### SUPPLIED INFORMATION ###

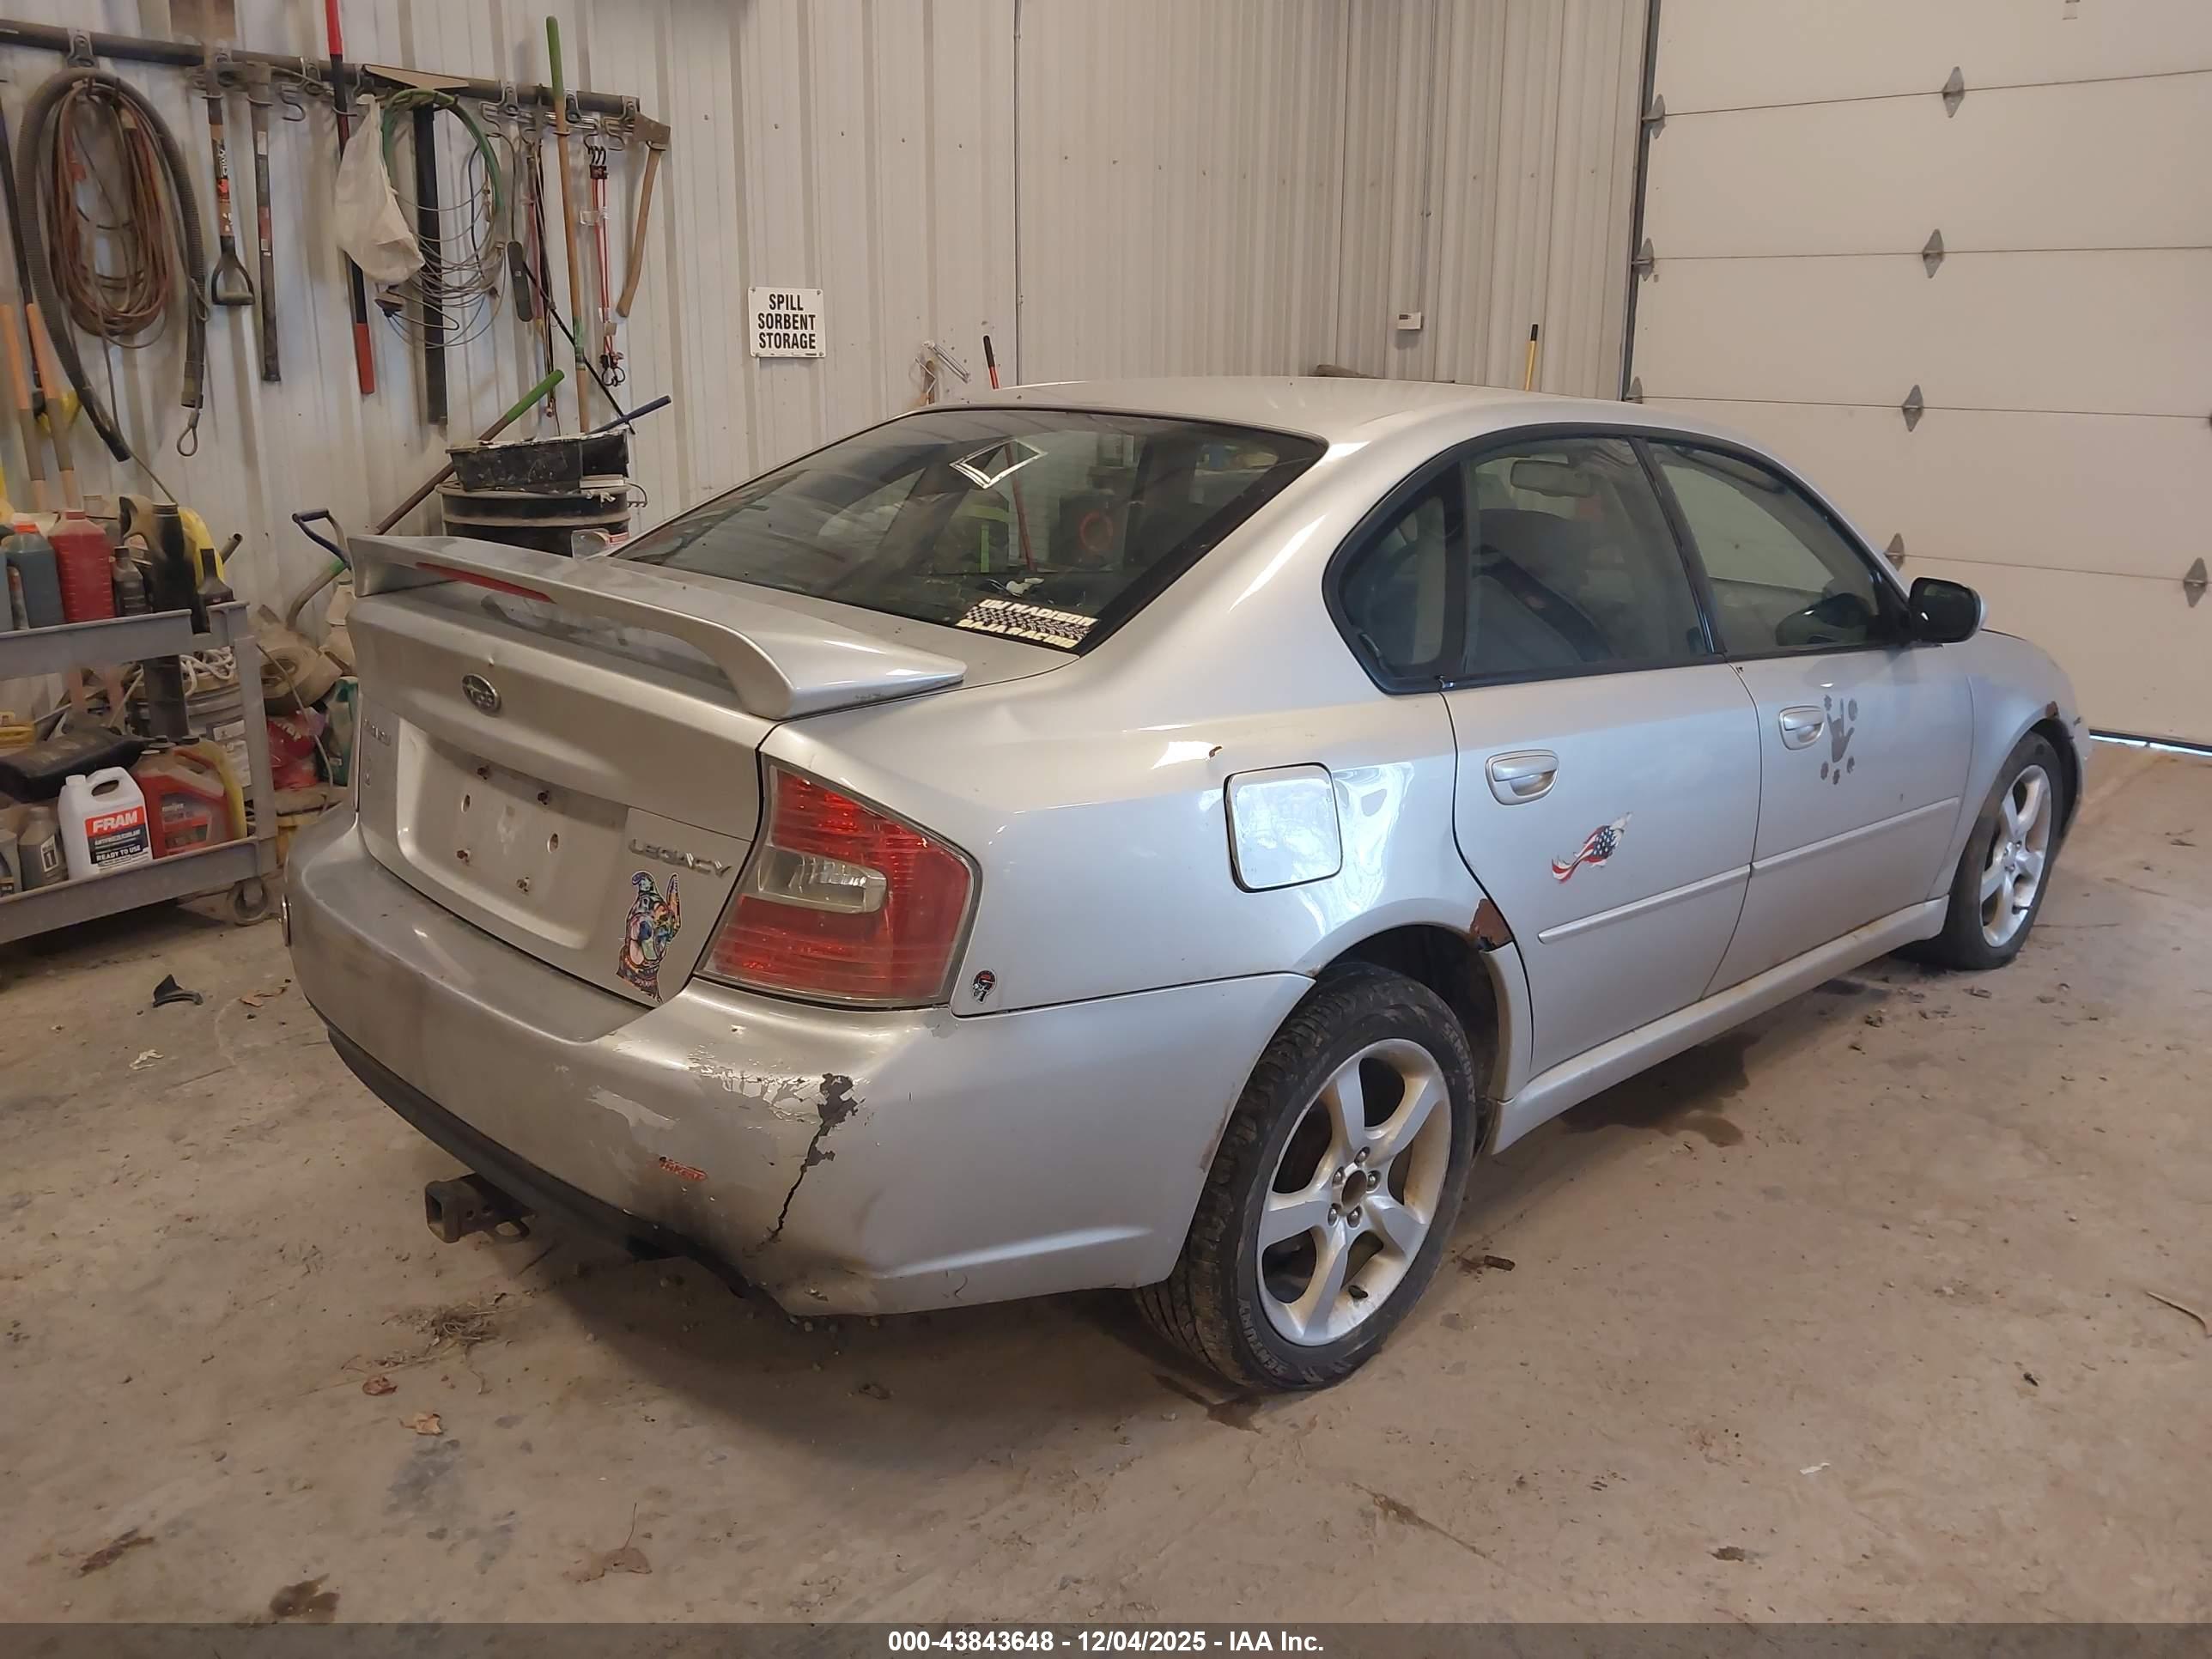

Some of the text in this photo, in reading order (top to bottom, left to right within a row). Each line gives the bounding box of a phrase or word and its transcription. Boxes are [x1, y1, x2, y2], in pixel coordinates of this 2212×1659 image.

[769, 294, 804, 311] SPILL
[757, 313, 816, 331] SORBENT
[759, 332, 816, 349] STORAGE
[1009, 603, 1099, 625] MADISON
[955, 618, 1080, 649] BAJA RACING
[93, 810, 138, 834] FRAM
[96, 851, 118, 861] READY
[129, 844, 141, 853] USE
[628, 839, 732, 878] LEGACY

###

_PROBLEM TO SOLVE_:
Transcribe all of the data above verbatim but omit every picture.

_ANSWER BELOW_:
Some of the text in this photo, in reading order (top to bottom, left to right within a row). Each line gives the bounding box of a phrase or word and its transcription. Boxes are [x1, y1, x2, y2], in pixel coordinates of this 2212×1659 image.

[769, 294, 804, 311] SPILL
[757, 313, 816, 331] SORBENT
[759, 332, 816, 349] STORAGE
[1009, 603, 1099, 625] MADISON
[955, 618, 1080, 649] BAJA RACING
[93, 810, 138, 834] FRAM
[96, 851, 118, 861] READY
[129, 844, 141, 853] USE
[628, 839, 732, 878] LEGACY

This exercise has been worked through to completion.